“Lost & Found”

Luke 15: 1-10

Pastor Deb Troester, STHPC, September 14, 2025

When our daughter Christa was little, we lived in an apartment complex in Puerto Rico. Our dining room and kitchen windows overlooked a children’s play area and a large green lawn with trees. I allowed Christa to play outside with the other kids as long as she stayed in the play area, where I could see her from the kitchen and dining room windows. I told her that she had to stay where I could see her, or she would not be allowed to play outside. Generally she was pretty good about staying within sight. Most of all, I warned her that she was never to go into someone else’s apartment, without asking me if it was OK.

One day I looked out and she wasn’t there. I went downstairs and searched the play area. No Christa. I asked a couple of the other kids. They hadn’t seen her. I began to call her name loudly. Most of our neighbors left their windows open in the tropical breezes and some of them called out, “What’s wrong? Is Christa missing?”

By this time I was starting to panic, and I shouted back – “I can’t find her anywhere.” The neighbors became alarmed and some of them joined me in the search.
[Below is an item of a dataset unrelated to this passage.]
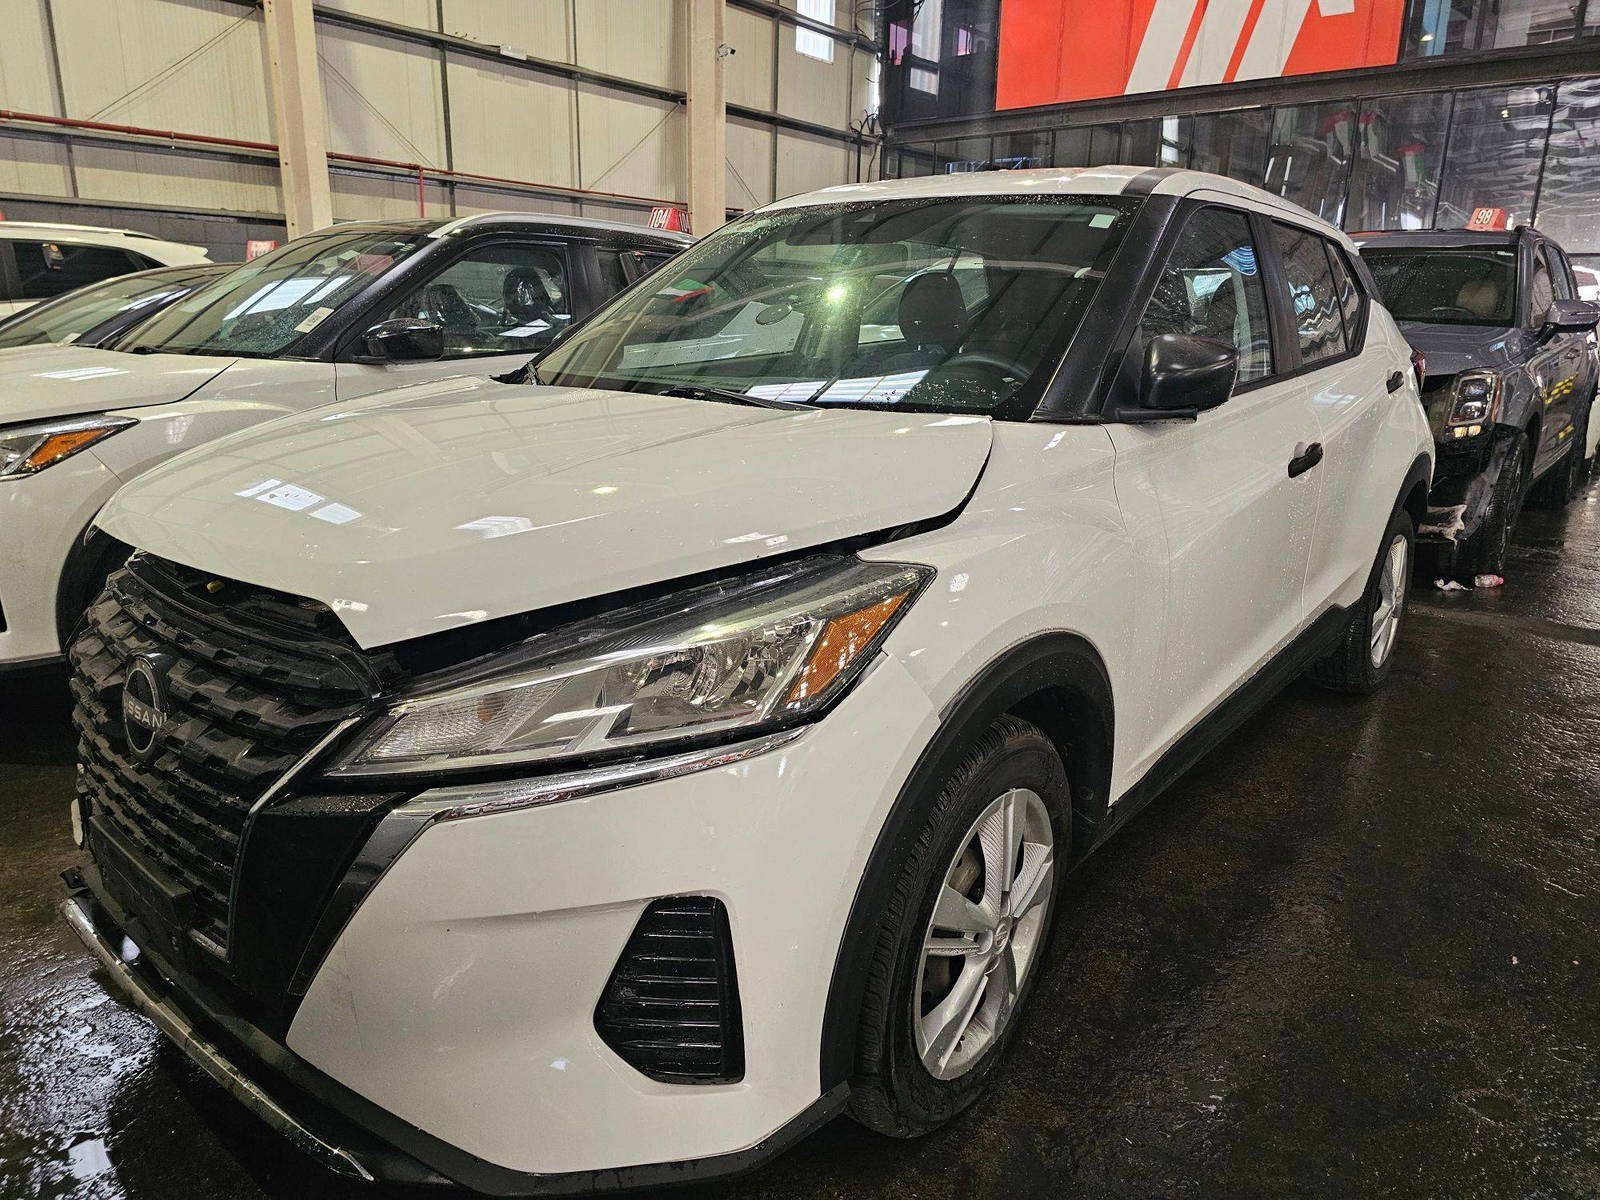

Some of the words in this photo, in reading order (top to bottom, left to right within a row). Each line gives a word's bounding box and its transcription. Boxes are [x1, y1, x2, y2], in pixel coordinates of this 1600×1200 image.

[650, 208, 669, 228] 104
[1475, 209, 1493, 224] 98
[125, 698, 162, 729] SSAN
Finally, I went upstairs to another neighbor who had a one-year-old, to ask if she might have seen our daughter. When she opened the door, there was Christa, sitting at the dining room table with the one-year-old, eating a piece of cake. I was extremely relieved, but also furious – I wasn’t sure if I was more angry with my daughter for disobeying me, or angry with my neighbor for inviting her in to play with her son without telling me where she was. I’m afraid I yanked Christa out of there and didn’t even let her finish her cake. But the truth was, I was terrified that I hadn’t been able to find her for at least a good ten minutes. From the moment I realized that I didn’t see her out of my dining room window, there was nothing in the world that would have stopped me from looking for her. I dropped everything I was doing and focused all my efforts on finding her.

When we are lost, God searches for us with that same kind of intensity that a mother has in searching for her lost child. She will not give up until she has found the child. That is what Jesus is saying in the parable of the shepherd and the lost sheep.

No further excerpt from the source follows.